Avrupa İnsan Hakları Mahkemesi’nin de hukuka aykırı bulduğu şekilde, Türkiye’de geniş tanımlı terörizm suçlamaları sadece düşünce açıklamalarıyla dahi uygulanabiliyor. Sosyal medyada Almanya’da ifade özgürlüğü kapsamında sayılan bir paylaşım, yorum veya “beğeni”, Türkiye’de cezai kovuşturma için yeterli sayılabiliyor. Yeni “Dezenformasyonla Mücadele Yasası” kapsamında ise, güvenlik, kamu düzeni veya halk sağlığı açısından tehdit olarak değerlendirilen ve “yanlış” olduğu iddia edilen açıklamalar cezai yaptırımlara yol açabiliyor.

Almanya’da düzenlenen gösterilere katılım veya Kürt meseleleriyle bağlantılı derneklere üyelik dahi gözaltı, çıkış yasağı veya giriş engeli için gerekçe olabiliyor. Örneğin, 2014 yılında Irak’taki duruma ilişkin imzalanan “Bağımsız Kürdistan Girişimi” dilekçesi, halen Türkiye’de gerekçe olarak gösterilebiliyor.

Sosyal medyada hükümet karşıtı paylaşımlar nedeniyle gözaltılar, cezai kovuşturmalar ve çıkış yasakları yaşanıyor. Özellikle “Cumhurbaşkanına hakaret” suçlamasıyla uzun yıllar hapis cezaları verildiği bildiriliyor. Almanya’da yaşayan kişiler için uygulanan çıkış yasakları, hayatlarını ciddi şekilde tehdit edebiliyor.

Almanya ile Türkiye arasında kişisel veya özel bağları olan, ya da her iki vatandaşlığa sahip kişiler en çok risk altında bulunuyor. Bazı gazetecilerin akreditasyonu da herhangi bir gerekçe gösterilmeden reddedilebiliyor. Almanya’da ifade özgürlüğü kapsamında sayılan sözler, Türkiye’de mesleki kısıtlamalara veya cezai işlemlere neden olabiliyor.

Uzmanlardan Tavsiyeler:

  • Politik etkinliklerden, gösterilerden ve kalabalık ortamlardan uzak durun.

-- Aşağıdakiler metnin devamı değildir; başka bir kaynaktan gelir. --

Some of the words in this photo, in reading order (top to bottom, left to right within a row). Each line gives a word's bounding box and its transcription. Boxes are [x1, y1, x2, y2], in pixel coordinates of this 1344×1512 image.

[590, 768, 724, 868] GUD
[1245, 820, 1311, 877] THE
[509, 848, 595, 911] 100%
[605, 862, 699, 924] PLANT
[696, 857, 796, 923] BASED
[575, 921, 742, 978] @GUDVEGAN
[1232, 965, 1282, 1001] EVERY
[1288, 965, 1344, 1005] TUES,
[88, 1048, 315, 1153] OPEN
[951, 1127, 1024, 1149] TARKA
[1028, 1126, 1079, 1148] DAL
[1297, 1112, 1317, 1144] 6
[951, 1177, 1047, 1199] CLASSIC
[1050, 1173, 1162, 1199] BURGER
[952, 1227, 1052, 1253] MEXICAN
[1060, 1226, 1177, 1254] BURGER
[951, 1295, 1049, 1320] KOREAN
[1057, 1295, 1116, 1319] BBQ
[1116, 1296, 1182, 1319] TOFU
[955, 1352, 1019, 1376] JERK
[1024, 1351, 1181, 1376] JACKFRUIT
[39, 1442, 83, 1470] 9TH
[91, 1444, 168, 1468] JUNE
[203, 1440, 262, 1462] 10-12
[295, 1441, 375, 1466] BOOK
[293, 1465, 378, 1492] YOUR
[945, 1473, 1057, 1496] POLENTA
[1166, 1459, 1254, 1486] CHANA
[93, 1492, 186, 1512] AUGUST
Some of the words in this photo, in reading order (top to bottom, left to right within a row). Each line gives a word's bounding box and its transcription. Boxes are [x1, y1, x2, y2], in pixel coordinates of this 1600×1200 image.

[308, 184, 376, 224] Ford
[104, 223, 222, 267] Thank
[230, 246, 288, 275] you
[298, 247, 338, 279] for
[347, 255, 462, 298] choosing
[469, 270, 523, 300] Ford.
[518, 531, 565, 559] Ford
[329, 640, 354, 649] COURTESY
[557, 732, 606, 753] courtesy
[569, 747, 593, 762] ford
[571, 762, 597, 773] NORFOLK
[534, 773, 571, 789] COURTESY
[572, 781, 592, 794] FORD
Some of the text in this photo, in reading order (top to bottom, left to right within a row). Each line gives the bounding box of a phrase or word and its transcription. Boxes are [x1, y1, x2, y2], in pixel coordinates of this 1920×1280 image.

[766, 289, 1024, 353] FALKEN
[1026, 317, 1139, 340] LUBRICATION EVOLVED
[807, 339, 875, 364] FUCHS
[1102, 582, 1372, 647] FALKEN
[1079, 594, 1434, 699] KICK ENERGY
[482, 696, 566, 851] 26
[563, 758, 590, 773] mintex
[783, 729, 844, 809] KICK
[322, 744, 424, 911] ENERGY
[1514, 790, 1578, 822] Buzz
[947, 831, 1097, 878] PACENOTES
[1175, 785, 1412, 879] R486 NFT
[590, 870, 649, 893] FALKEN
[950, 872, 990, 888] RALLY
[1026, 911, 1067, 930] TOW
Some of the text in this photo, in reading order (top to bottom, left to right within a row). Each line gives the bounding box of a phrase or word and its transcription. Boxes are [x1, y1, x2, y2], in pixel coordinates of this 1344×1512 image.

  • Almanya’da yaptığınız açıklamalar ve eylemler, Türkiye’de hükümet karşıtı olarak algılanabilir ve cezai sonuç doğurabilir. Sosyal medyada yapılan paylaşımlar, başkalarının içeriklerini paylaşmak veya “beğenmek” dahi risk oluşturabilir.

  • Konsolosluk desteğinin, birçok durumda ağır cezai yaptırımlardan korunmak için yeterli olmayabileceği unutulmamalı.

  • Giriş yasakları ve gümrük kontrolleri hakkında bilgi sahibi olun.